La descente aux enfers de Joy commence banalement, à Benin City (Nigeria) en 2015. La jeune fille croise le frère d’Esther, une vague connaissance. Il lui fait miroiter l’Europe et la possibilité d’y suivre une école ou de gagner sa vie en faisant des ménages. Elle n’a que 17 ans, accepte de le suivre et se retrouve séquestrée chez lui avec une autre ado. Toutes deux sont tenues en respect par un gros chien et surtout par la menace du «juju». Cette pratique vaudoue consiste à prélever cheveux, rognures d’ongles et poils pubiens pour prendre un pouvoir sur leurs propriétaires en laissant croire à la possibilité de leur faire du mal, à elles ou à leur famille, potentiellement jusqu’à la mort.

La terreur du «juju»

Terrorisée par cette magie noire à laquelle elle avoue croire aujourd’hui encore, Joy accepte de gagner l’Europe, sans pouvoir prévenir sa famille. Confiée à un passeur, elle connaîtra avec sa compagne d’infortune le calvaire des migrants africains, les semaines d’autobus à travers le continent, le parcage en Libye, la périlleuse traversée de la Méditerranée, la fuite d’un camp italien, puis l’illusion du salut: le numéro de téléphone d’Esther, confié par son frère au départ de Benin City.

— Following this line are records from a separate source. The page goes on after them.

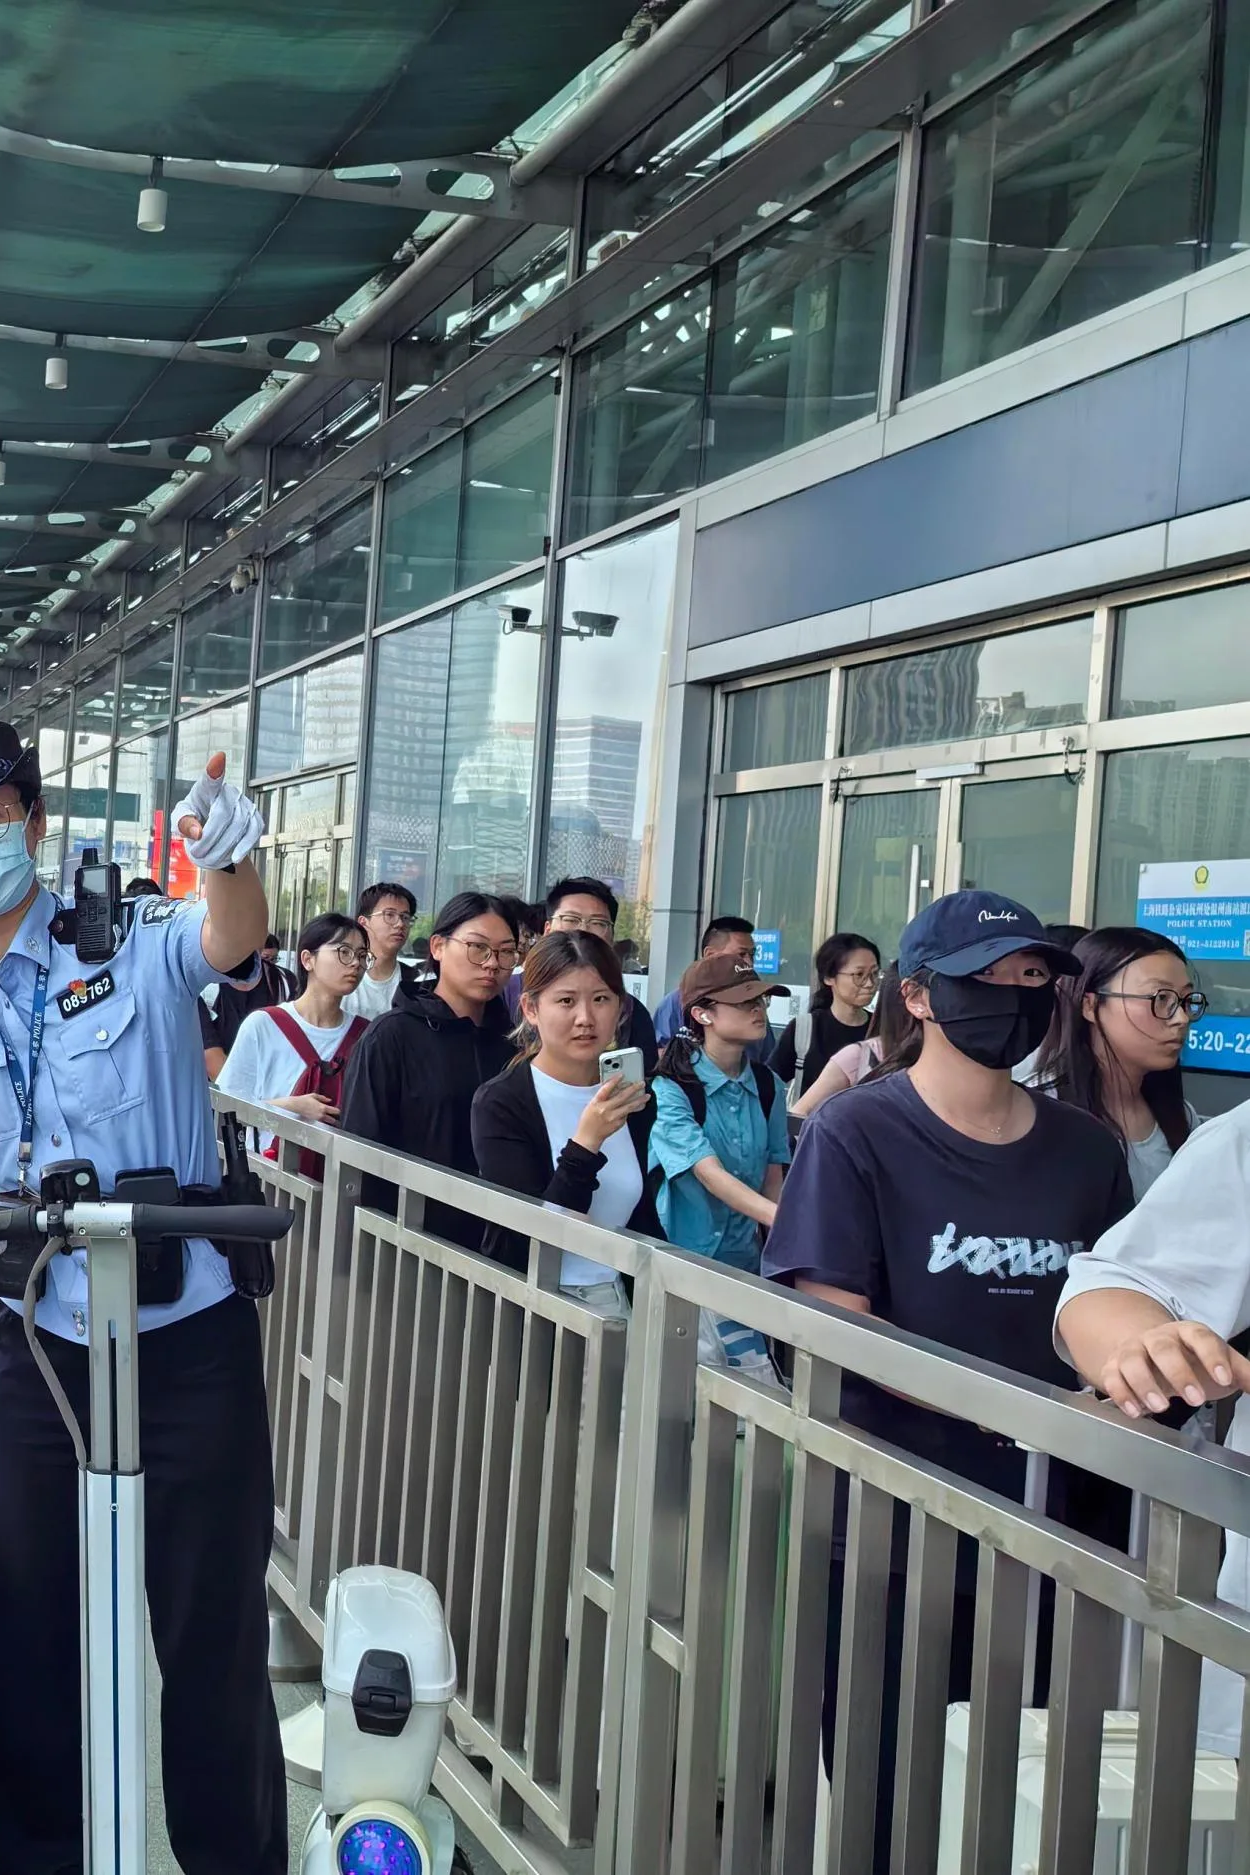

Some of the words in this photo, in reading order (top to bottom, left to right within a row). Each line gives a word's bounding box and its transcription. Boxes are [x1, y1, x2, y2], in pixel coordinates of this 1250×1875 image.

[1166, 919, 1195, 928] POLICE
[1197, 919, 1232, 928] STATION
[33, 1011, 42, 1039] POLICE
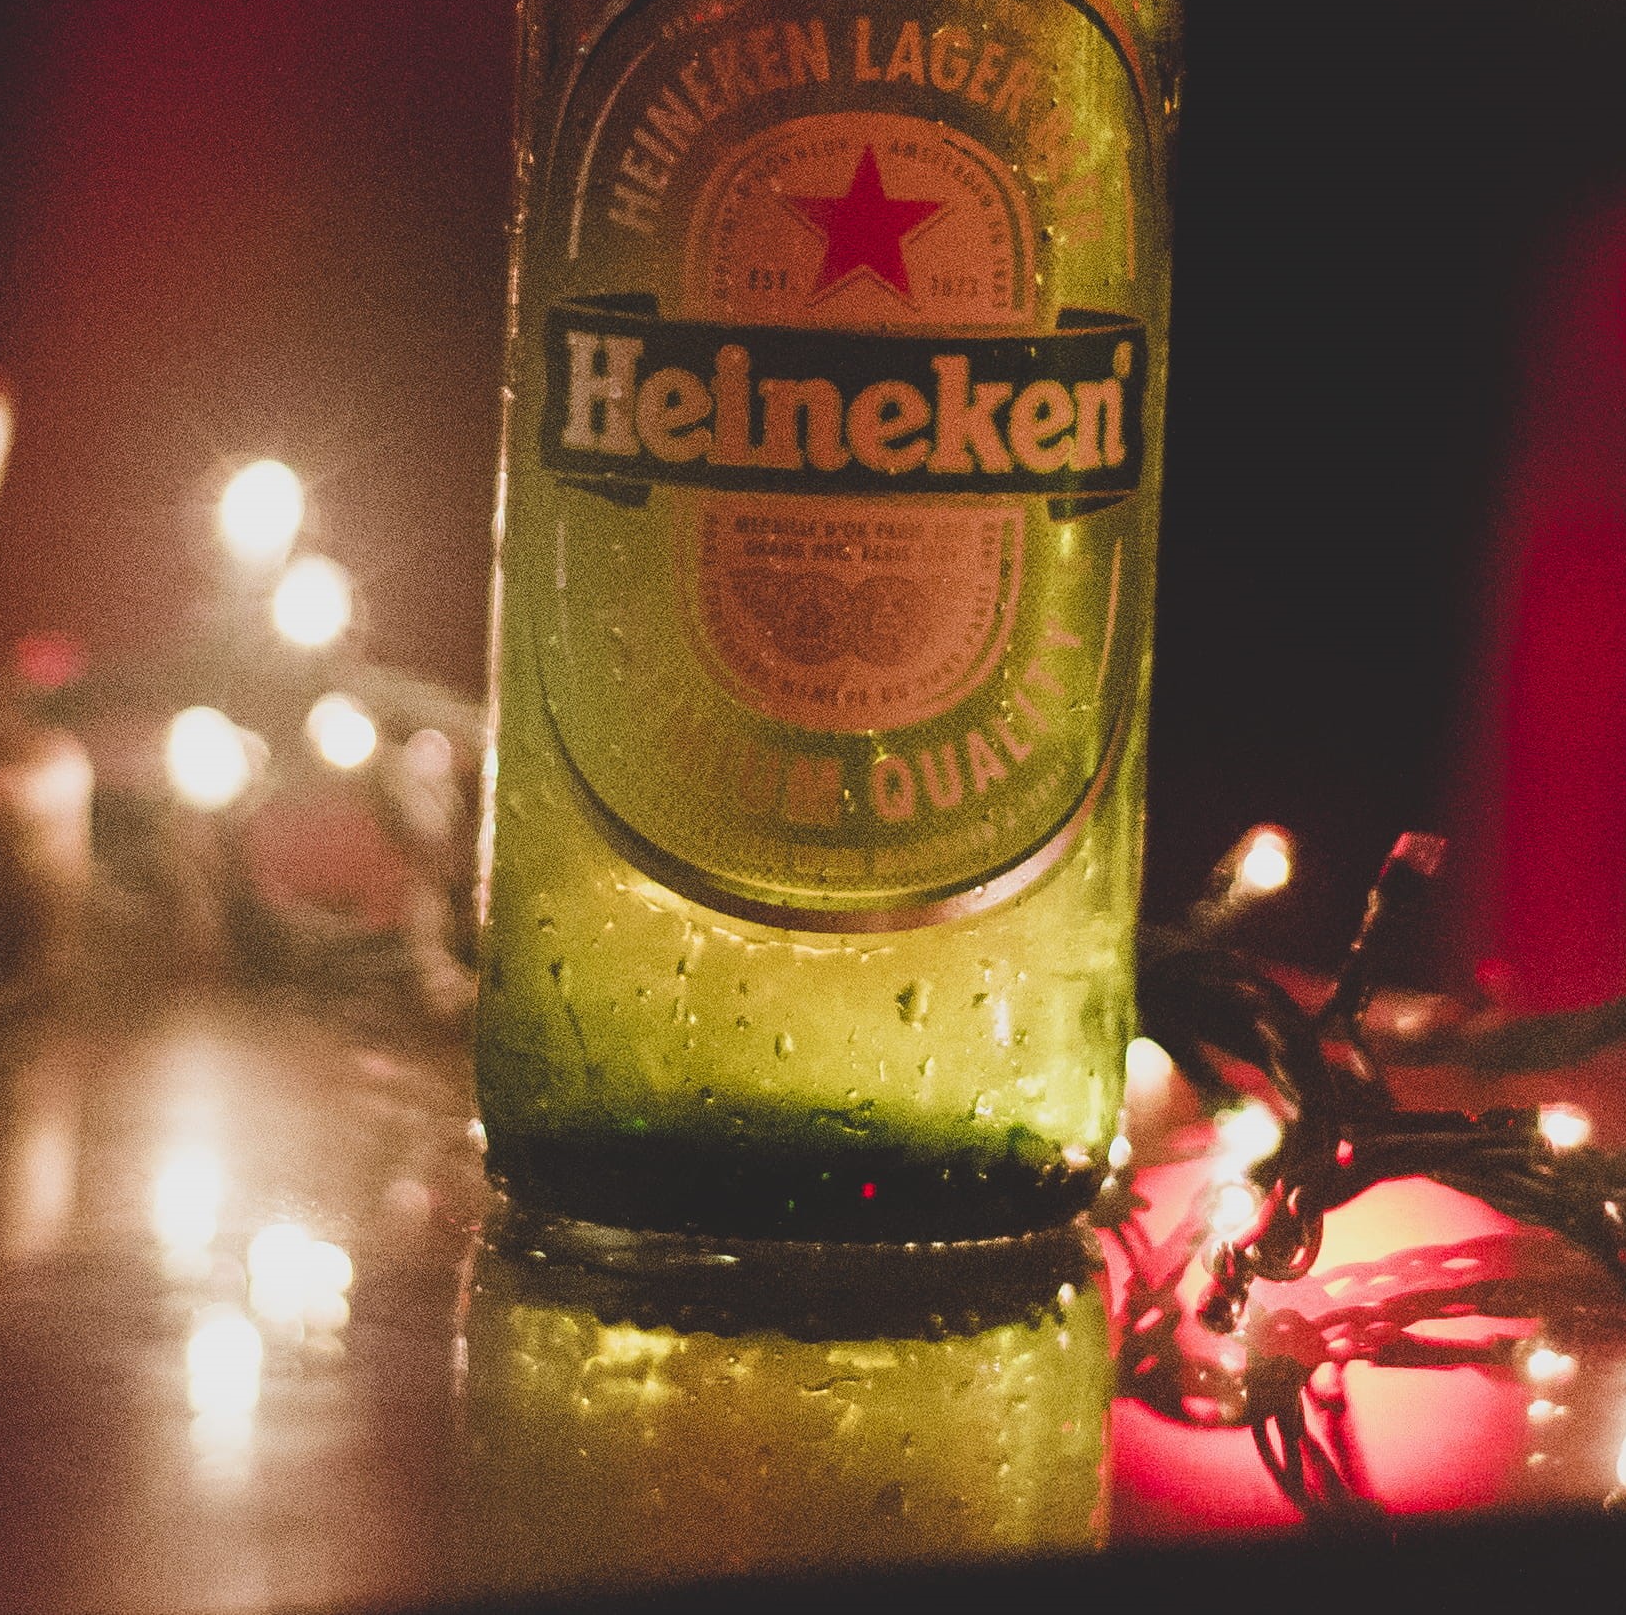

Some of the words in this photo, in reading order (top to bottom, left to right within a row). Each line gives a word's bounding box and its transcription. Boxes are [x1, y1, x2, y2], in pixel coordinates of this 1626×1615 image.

[607, 15, 830, 236] HEINEKEN
[855, 15, 1037, 125] LAGER
[561, 331, 1129, 475] Heineken
[871, 616, 1083, 821] QUALITY

Les deux jeunes filles parviennent à rejoindre leur supposée protectrice en Suisse. Esther les installe dans un appartement lausannois et les envoie sans tarder sur le trottoir de la route de Genève, malgré leur effroi et leurs protestations. Celle qui a probablement connu un parcours similaire avant de «grader» pour devenir mère maquerelle, «mama» dans le jargon nigérian, explique qu’elles n’ont d’autre choix que d’accepter ce travail pour rembourser les quelque 35 000 francs de frais de voyage et de logement. Faute de quoi le «juju» sera activé.

Entendue en l’absence d’Esther, qu’elle refuse de revoir, Joy confirme tout par monosyllabes. Son avocate dévoilera que ce cheminement de souffrance a atteint son paroxysme cet été lorsque la jeune femme a tenté de se suicider, ce qui lui a valu le retrait de son bébé, né en janvier. Joy refuse depuis l’aide d’un thérapeute: «Si un psychologue savait ce que je vis intérieurement, je perdrais ma fille.»

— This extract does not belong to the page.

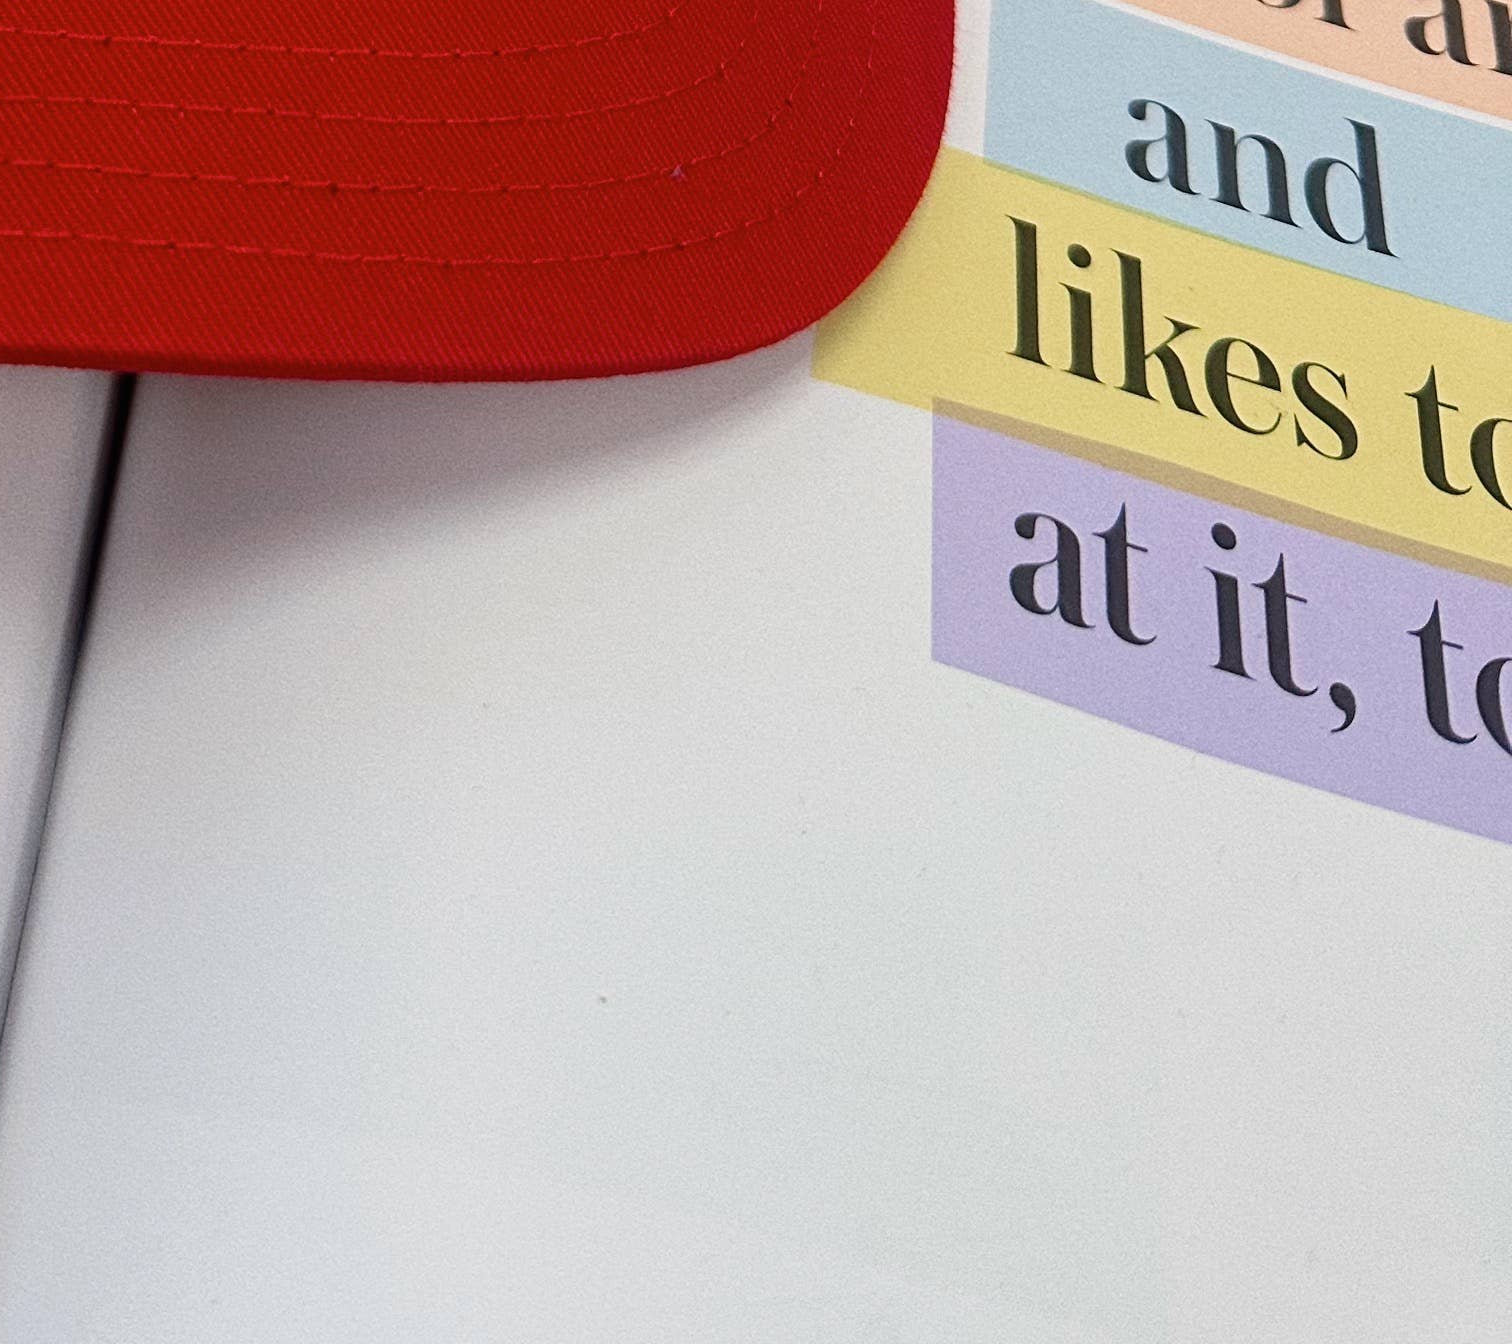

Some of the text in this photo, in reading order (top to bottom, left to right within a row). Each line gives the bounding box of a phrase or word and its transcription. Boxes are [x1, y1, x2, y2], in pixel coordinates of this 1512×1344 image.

Le procès d’Esther se poursuit mercredi.

* Prénoms d’emprunt (24 heures)

Créé: 04.12.2018, 21h03

Les réseaux nigérians, fléau européen

Pour l’inspecteur chargé de l’enquête autour d’Esther, cette dernière n’est probablement «qu’un maillon de la chaîne. Mais c’est une surveillante de travailleuses obligées de la rembourser». Le représentant
de la police cantonale vaudoise a confirmé mardi en cours d’audience mener des investigations ciblées sur le milieu criminel nigérian, encore mal connu chez nous.

Chargé de l’instruction, Éric Mermoud relève que nombre d’autres dossiers de traite d’êtres humains en provenance du Nigeria sont en cours de traitement. «On retrouve des histoires comme celle de Joy ailleurs en Europe. Il est difficile de savoir si l’on a affaire à une organisation ou à plusieurs petits réseaux. Dans ce cas, il semble que les agissements se soient déroulés dans un cercle familial ou de proches.» Une première condamnation à Lausanne en 2010 avait mis en lumière le même genre de schéma et il est possible que d’autres cas arrivent peu à peu devant la justice vaudoise, à la faveur d’une meilleure connaissance de ce milieu et du support de l’association Astrée, à l’œuvre depuis 2014 à Lausanne aux côtés des victimes de traite d’êtres humains.